Synaptics adds a fingerprint sensor to a Thermal Take Black V2 mouse, and it might be one of the most awesome things ever

By: Jeff Williams from Jan 22, 2016 @ 14:00 CST

Synaptics is helping to bring fingerprint readers and biometric safeguards to the masses. They're making it accessible and not just an afterthought, something easy to put on any notebook because no modifications are needed with the integration of a sensor into their trackpads.


And now they're breaking into an entirely different market with ThermalTake in this latest venture. They've gone and placed one of their IronVeil fingerprint sensors into a mouse, giving even gamers easy access to biometric. And this idea is full of untapped potential, not from a marketing standpoint, but from a security standpoint.

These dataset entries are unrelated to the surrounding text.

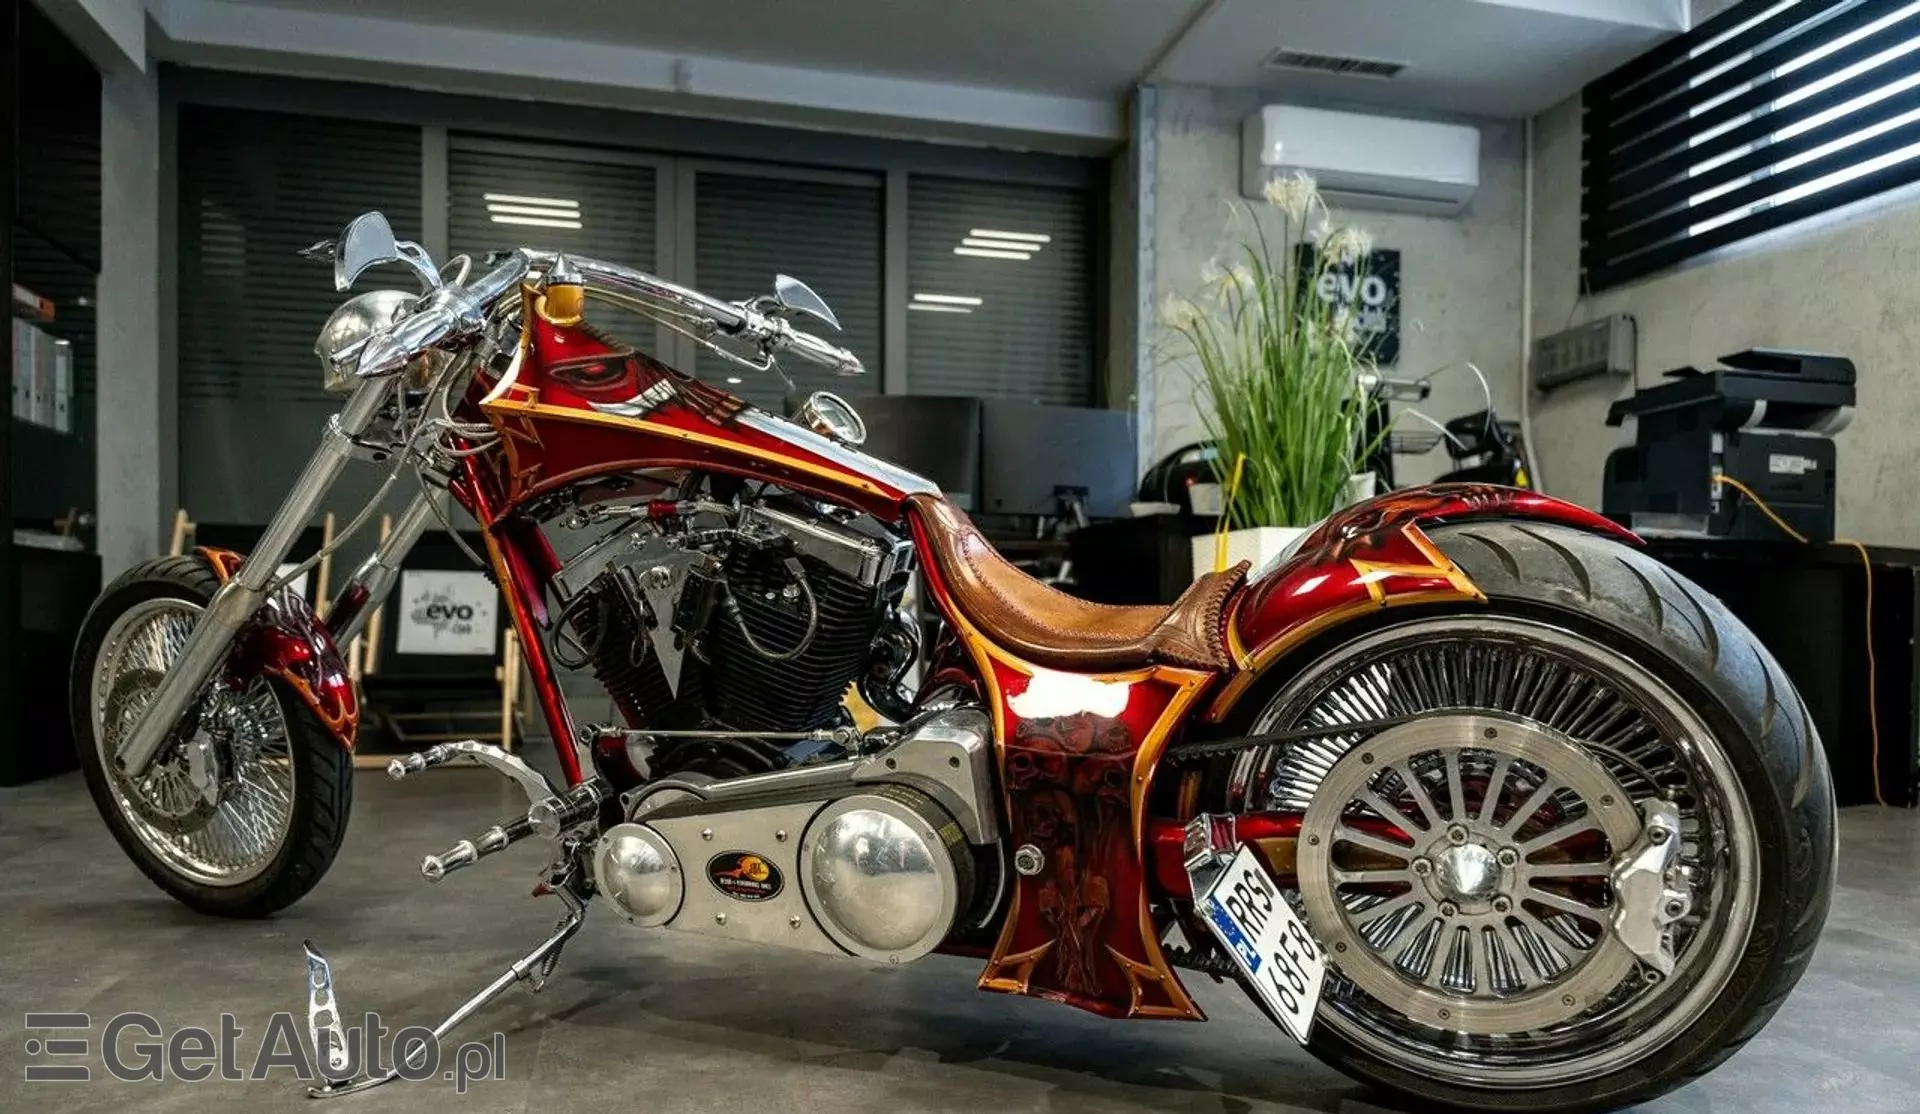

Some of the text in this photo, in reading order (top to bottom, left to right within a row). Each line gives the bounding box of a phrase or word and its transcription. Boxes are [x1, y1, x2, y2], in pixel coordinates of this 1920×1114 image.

[1316, 272, 1387, 305] evo
[426, 604, 474, 620] evo
[1225, 869, 1273, 944] RRS
[1268, 919, 1316, 1015] 68F8
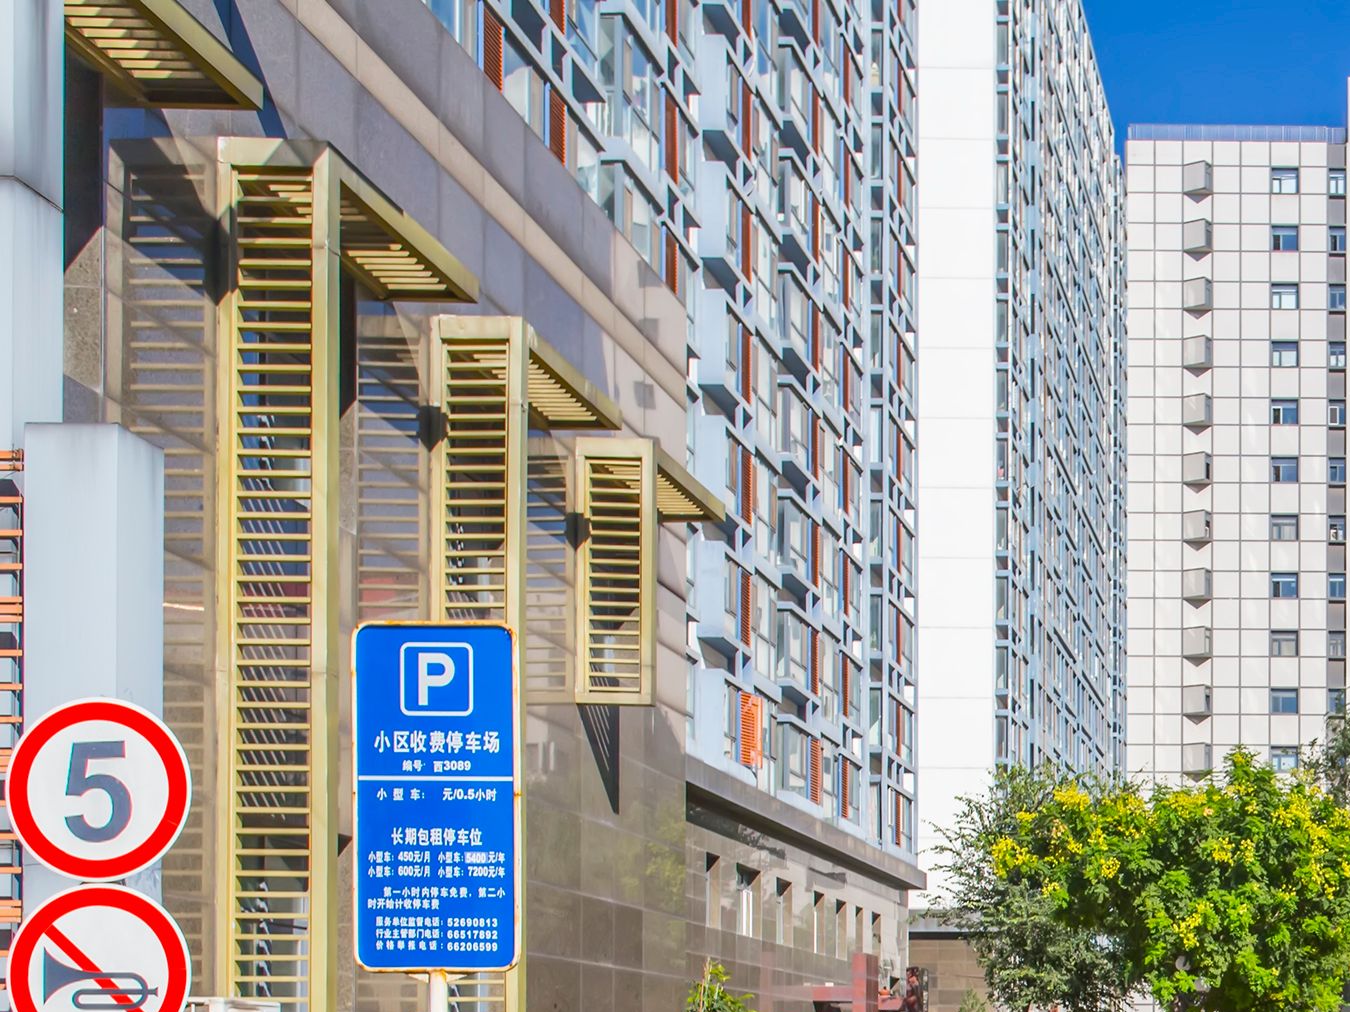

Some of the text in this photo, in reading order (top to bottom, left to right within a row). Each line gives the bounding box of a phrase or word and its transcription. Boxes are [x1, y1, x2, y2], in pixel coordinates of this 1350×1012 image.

[418, 652, 456, 706] P
[374, 730, 500, 753] 小区收费停车场
[64, 740, 132, 843] 5
[391, 827, 483, 846] 长期包租停车位
[367, 898, 440, 910] 时开始计收停车费

Biometrics represent a distinctive authentication method that can save time and potentially money. It's not perfect and spoofing, as well as other issues regarding how different types of fingerprint sensors work, do exist but as part of a multi-factor authentication scheme, it's perfect. Because it's easy. And it generally works well.

But let's talk about real life and more practical matters. Installing it and using the sensor on the mouse is as easy as installing the software and enrolling your fingerprint with the provided software. Synaptics is part of the FIDO alliance, which means that everything about its operation is open-source. Even the framework for the software used in this small test is open-source and how it communicates uses FIDO's UAF, or their passwordless standards. All Synaptics is doing here is presenting a hardware platform in partnership with a mouse maker as a proof of concept, to show the viability of having biometrics be mainstream. And it's a great concept. This integration, likely can help show that good security can actually be accessible.

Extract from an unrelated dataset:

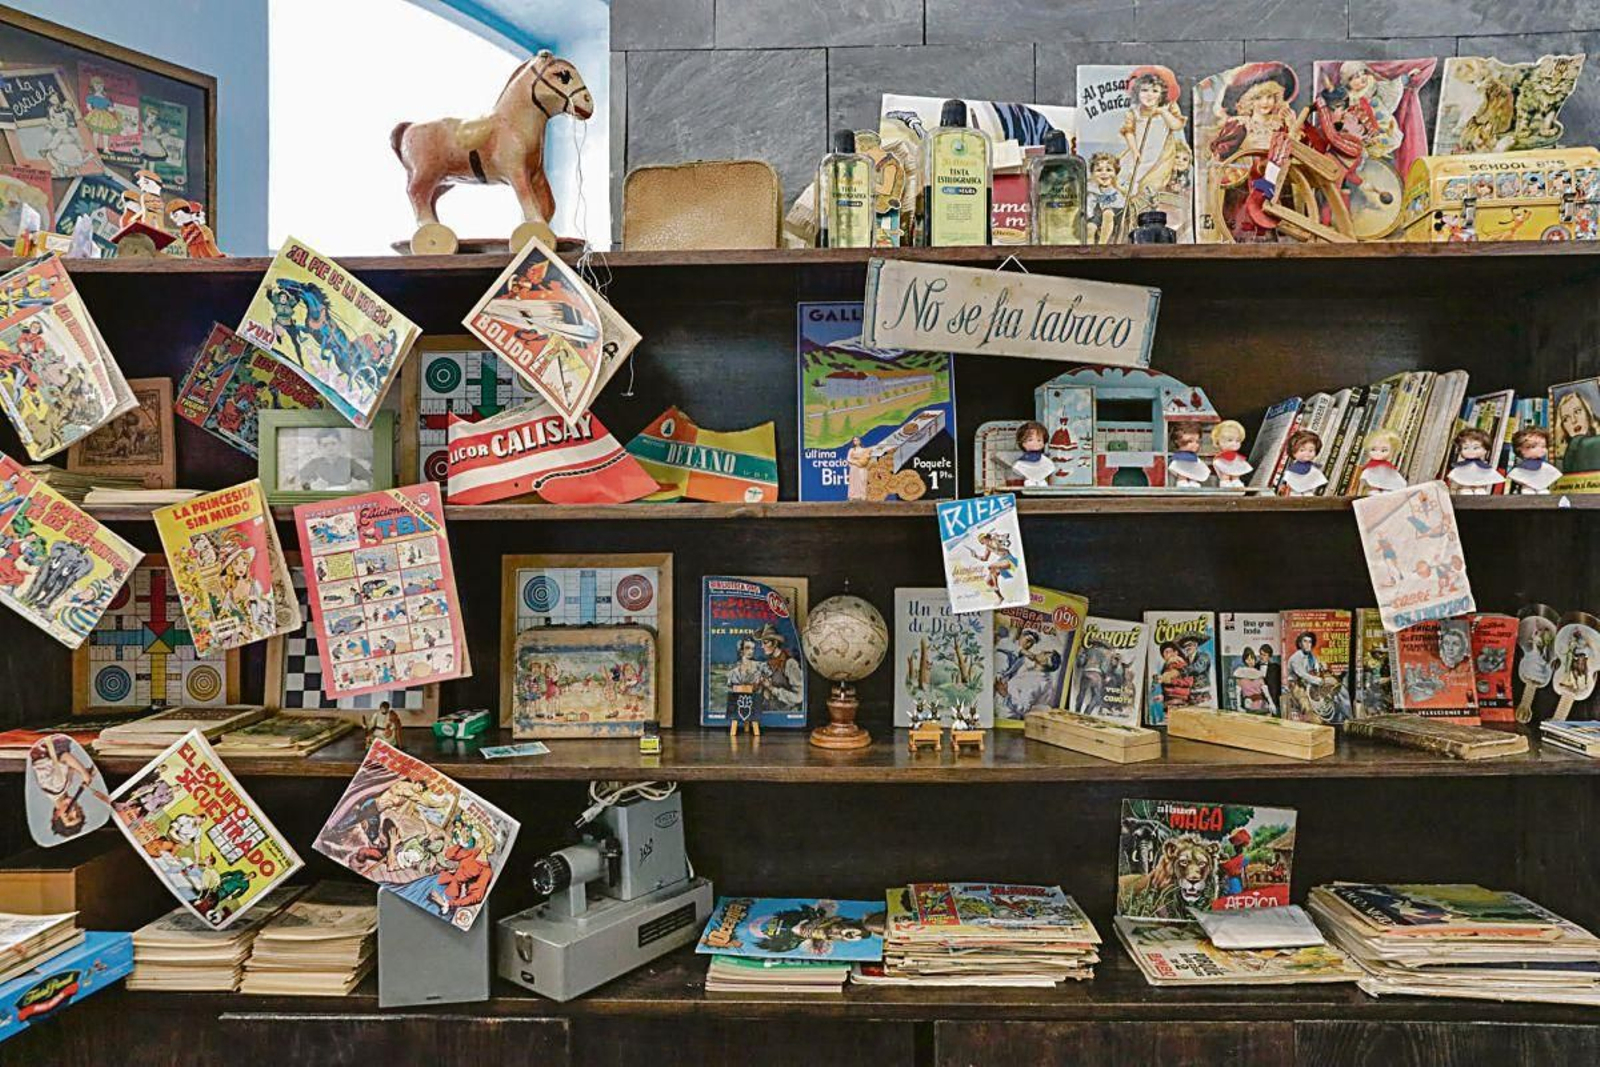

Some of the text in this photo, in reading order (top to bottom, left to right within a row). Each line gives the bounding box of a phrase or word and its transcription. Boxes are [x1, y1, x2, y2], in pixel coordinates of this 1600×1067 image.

The placement of the sensor, for the size of my hand, is actually very good because I have to slightly reach forward to make good contact. This means my thumb isn't always-on the sensor, so I'm not just authenticating anything as it pops up, not that there are many apps that take advantage of the fingerprint in the consumer desktop space quite yet, however.

And it's so easy to use. Once the software is installed, you can enroll in Windows Hello, which is the security center of sorts, to make logging into Windows an easy affair. And from there you're not integrated into the entire Windows architecture. It's fascinating and a surprisingly useful technology. Even though it only saves a few seconds, it feels cool to login with just your fingerprint. And hey, this is something that we do with our phones now, and we probably take it for granted, even though it's very convenient.

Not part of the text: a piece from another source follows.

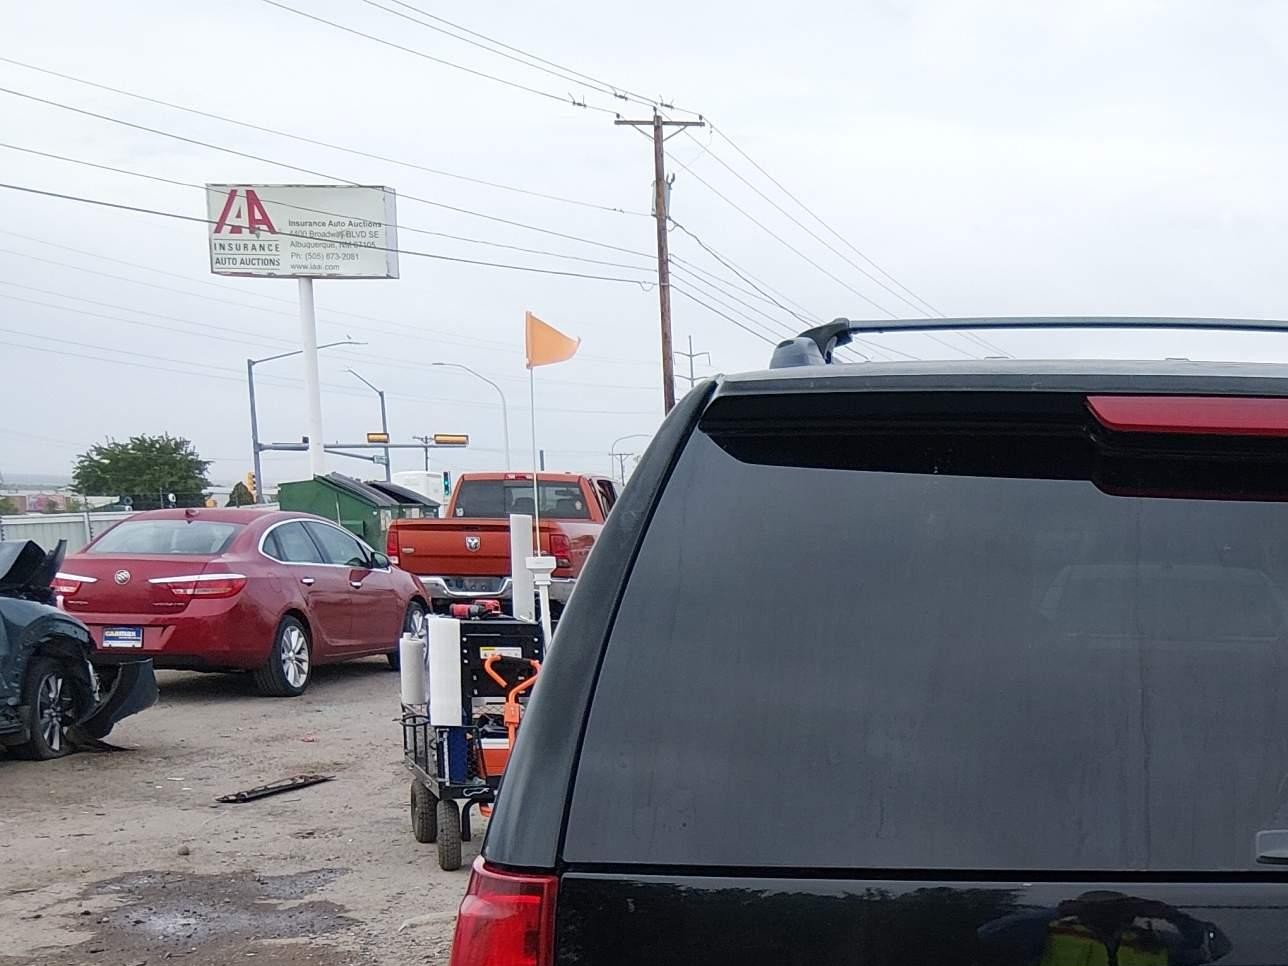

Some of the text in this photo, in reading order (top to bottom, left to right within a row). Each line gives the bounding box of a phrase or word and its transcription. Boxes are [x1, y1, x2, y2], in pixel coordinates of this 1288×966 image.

[348, 220, 382, 228] Auctions
[368, 231, 379, 239] SE
[213, 242, 280, 252] INSURANCE
[215, 257, 280, 267] AUTO AUCTIONS

So yeah, it's a little weird, there's very little in the way of software or applications that actually support FIDO passwordless authentication, but we're moving in the direction of biometrics. It's convenient, secure, and it works well. So why not? This might seem like a gimmick at first, but with time this could grow into something far more. Just imagine having a capacitive or other cool sensor in the omron switches.

We'll be exploring the use and convenience, or lack or, every week with a short article about this mouse. And we'll go a little deeper into the mechanism of how this works, and whether or not it's actually safe or not. So stay tuned for more.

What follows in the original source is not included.